Influences and Dedication

John of Cornwall’s work was not created in isolation. He acknowledged the influence of several other sources and writers, including Geoffrey of Monmouth, Gerald of Wales, Alan of Lille, Gildas, Bede, Nennius, and more. These references offer a glimpse into the rich tapestry of Arthurian lore and its connection to historical and literary figures of the time.

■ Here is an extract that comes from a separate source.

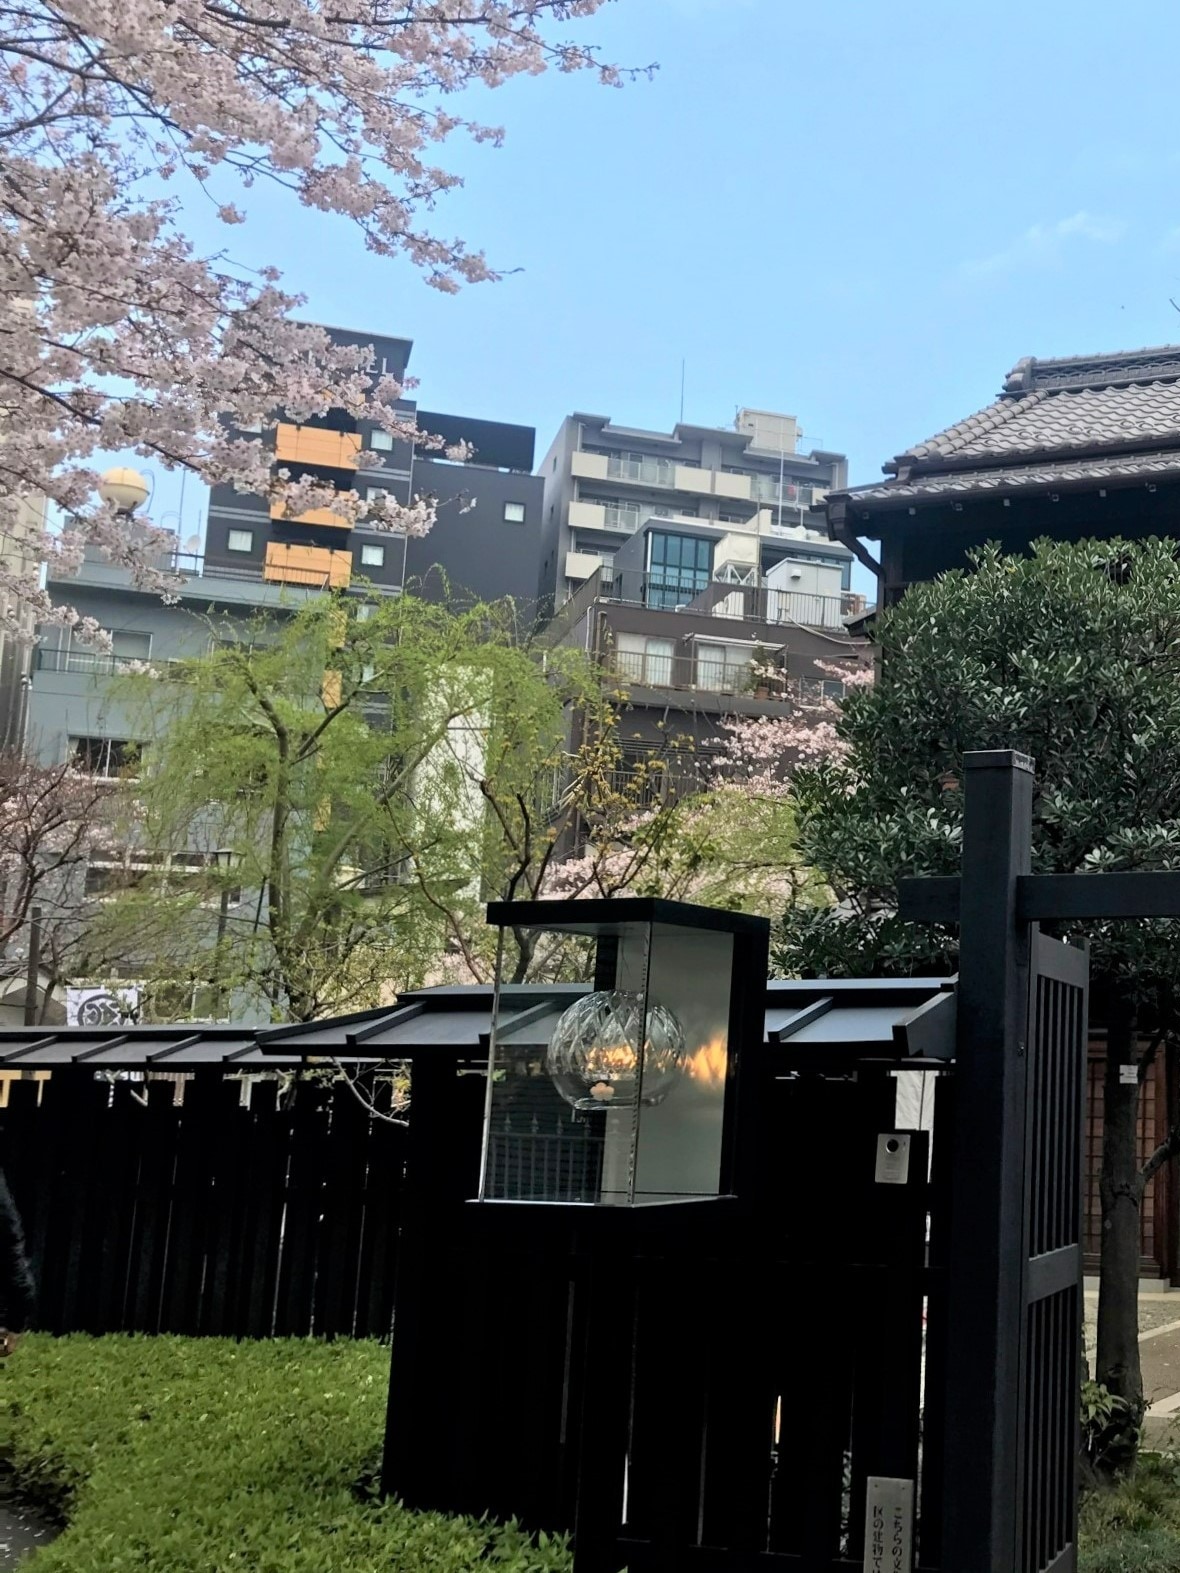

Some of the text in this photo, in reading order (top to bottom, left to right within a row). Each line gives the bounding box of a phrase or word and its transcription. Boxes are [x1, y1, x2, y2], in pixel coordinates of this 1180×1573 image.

[892, 1507, 903, 1573] こちらの文
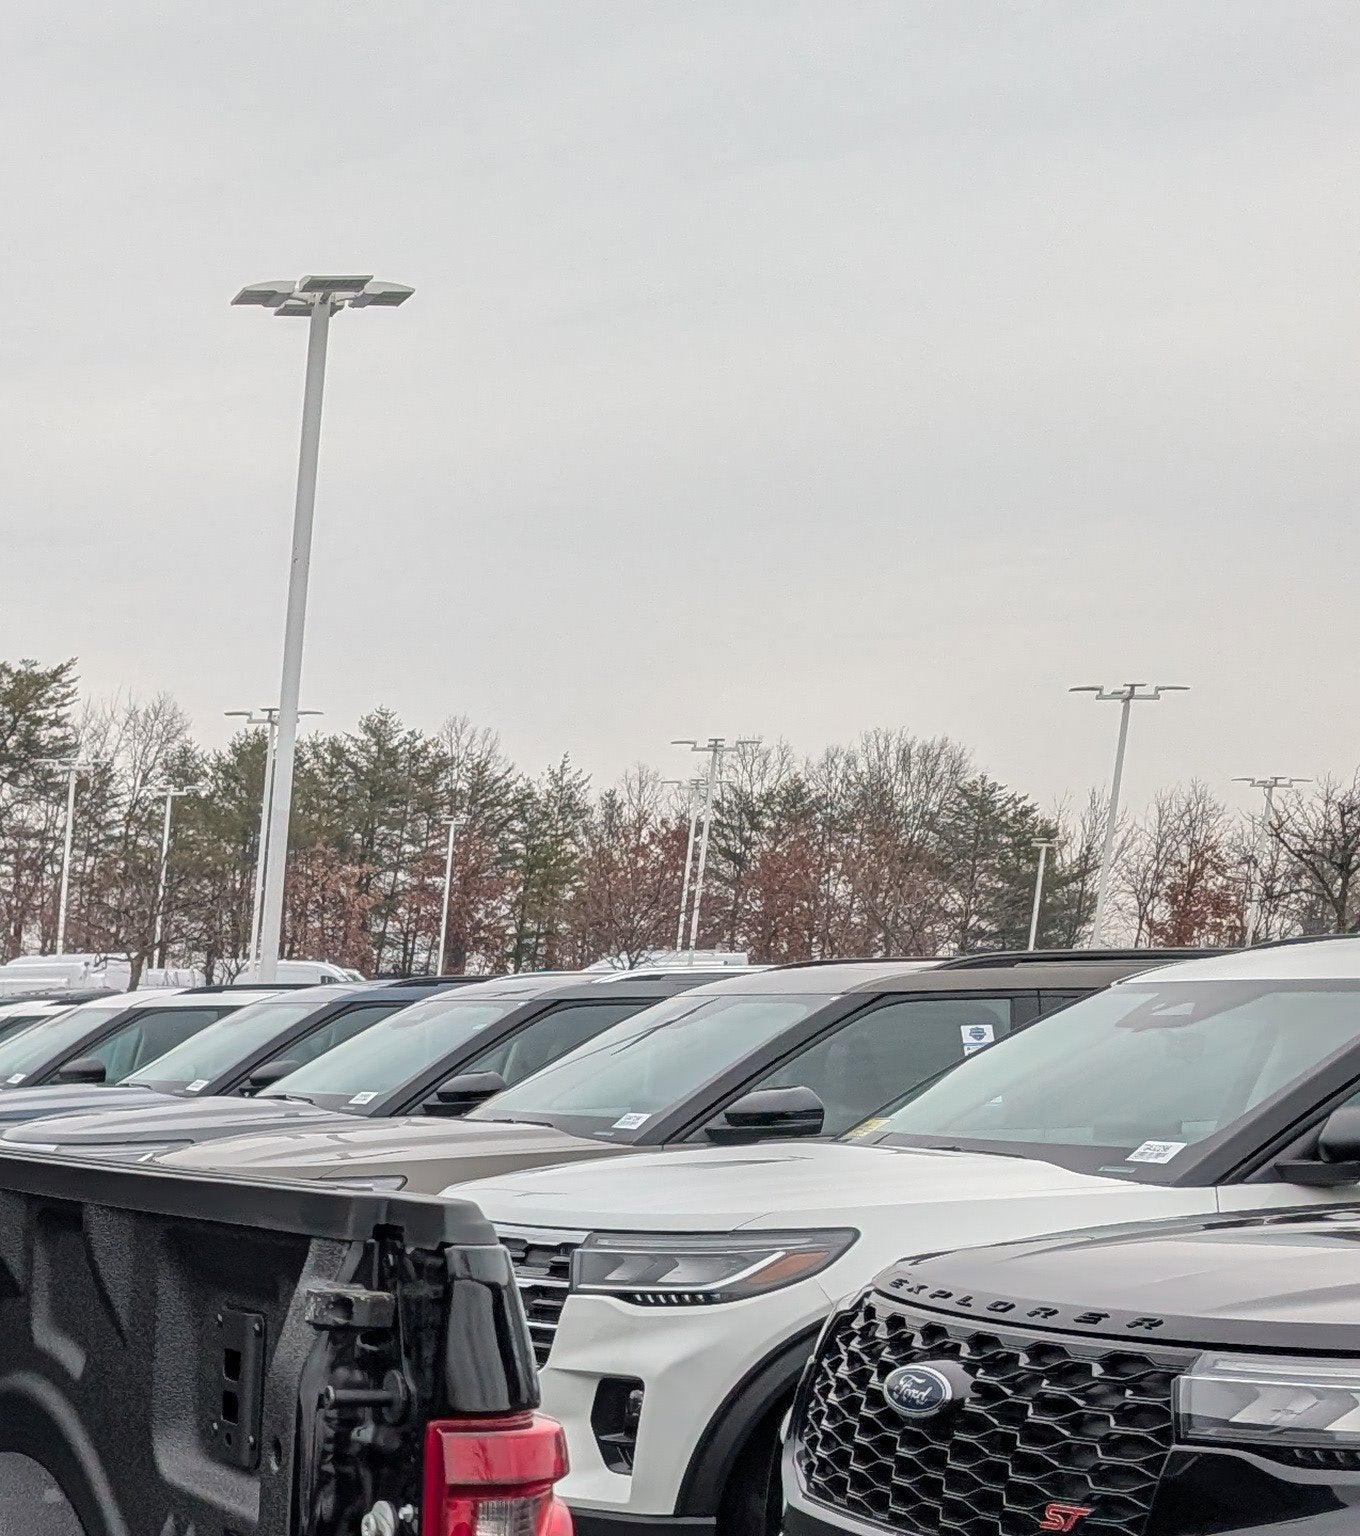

John dedicated the poem to Robert Warelwast, the bishop of Exeter, who served as his patron and friend. This dedication speaks to the importance of patronage in medieval literary circles.

A Continuing Legacy

“The Prophecy of Ambrosius Merlin concerning the Seven Kings” is a testament to the enduring fascination with the Arthurian legends. Through John of Cornwall’s efforts to revive this ancient work, we gain valuable insights into the legends, linguistics, and cultural context of medieval Britain.

Whether you’re a fan of Arthurian lore, a history buff, or simply curious about the intersection of legend and reality, this poem and its accompanying margin notes offer a captivating journey into the mystical world of Merlin and the legendary kings of Britain.